After a horrendous 2011, the end of the year saw hubby and I making serious considerations about moving forward with surrogacy. Events of 2011 saw us reassessing our priorities and when we started to read more about programs of surrogacy in India, we became interested in finding a provider that might be able to help us with parenthood. So far Margarida and Meg from SCI have been unbelievably responsive with my questions and it is so comforting to know that they have been through this journey themselves.  Hubby has finalised all his testing and we are just waiting on some results to come back, our passport applications are in (as our previous ones have expired) so we are hoping we will be enrolling in the next 2-4 weeks. We look forward to choosing our egg donors and we are making plans to travel to New Delhi hopefully for sometime in late March early April to meet the SCI team and obviously to make a little deposit, to kick off what I expect will be a rollercoaster ride of emotion.
One of the biggest questions my husband and I have been challenging ourselves with, are we too old to be first time parents?

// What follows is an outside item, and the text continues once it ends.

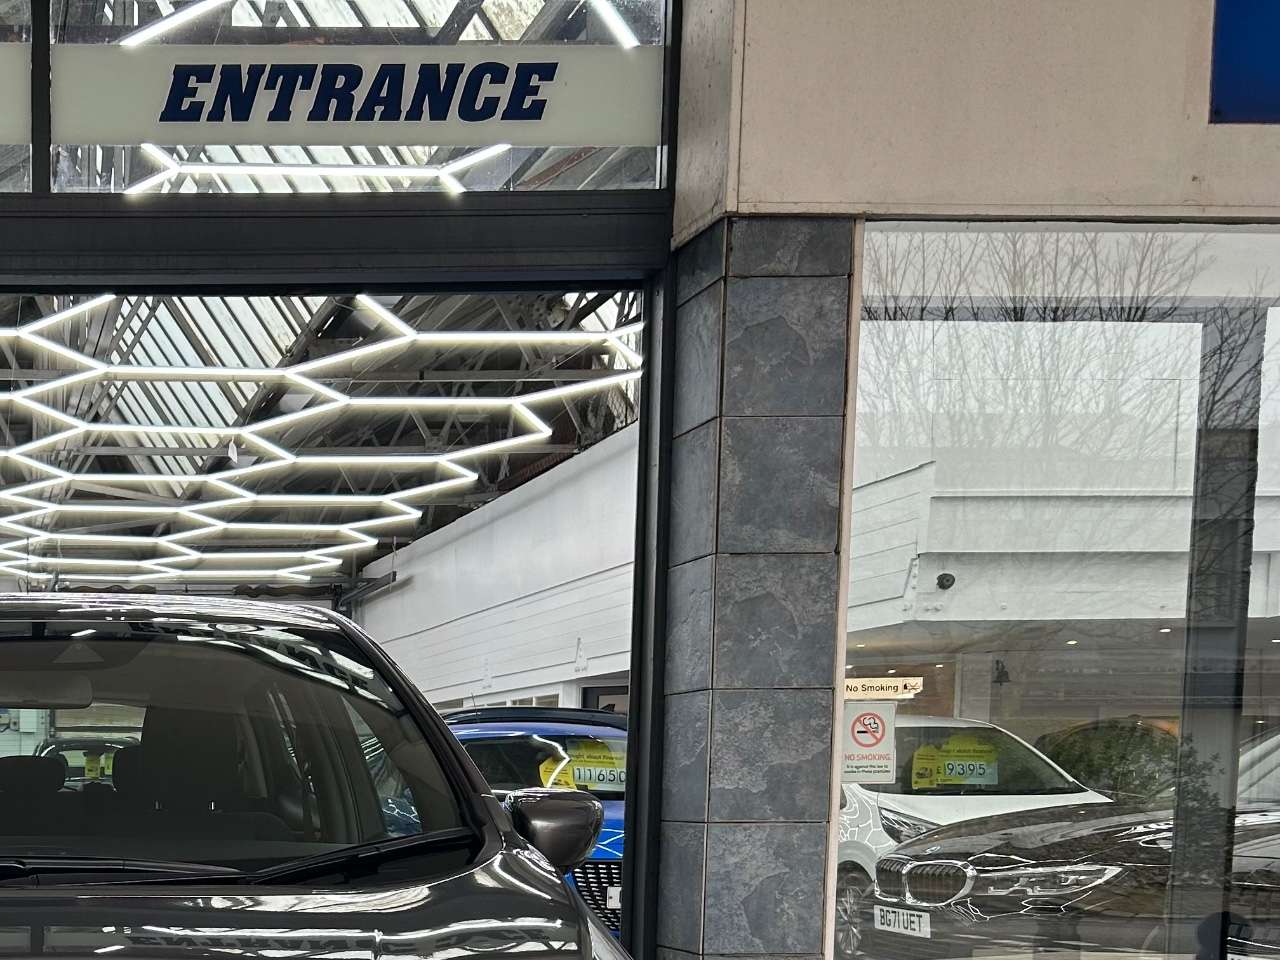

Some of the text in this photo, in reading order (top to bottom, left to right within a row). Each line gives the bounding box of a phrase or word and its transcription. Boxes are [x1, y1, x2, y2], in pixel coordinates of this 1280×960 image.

[158, 61, 559, 123] ENTRANCE
[845, 684, 899, 693] No Smoking
[844, 753, 855, 761] NO

We are in our mid forties. I havent told many people about this just my doctor and 1 other health professional and my 2 sisters who will be nominees. They all say to me how we will make the best parents and importantly raised how energetic we are. The only thing they said was you need alot of energy when they become teenagers !

I am looking forward to enrolling properly with SCI and reading other people's blogs of their experience towards parenthood. I am hoping 4 attempts will bless us with bubs!

I
 I have added a photo of 2 of our fur children frollicking on a beach in Port Stephens...they certainly keep us busy!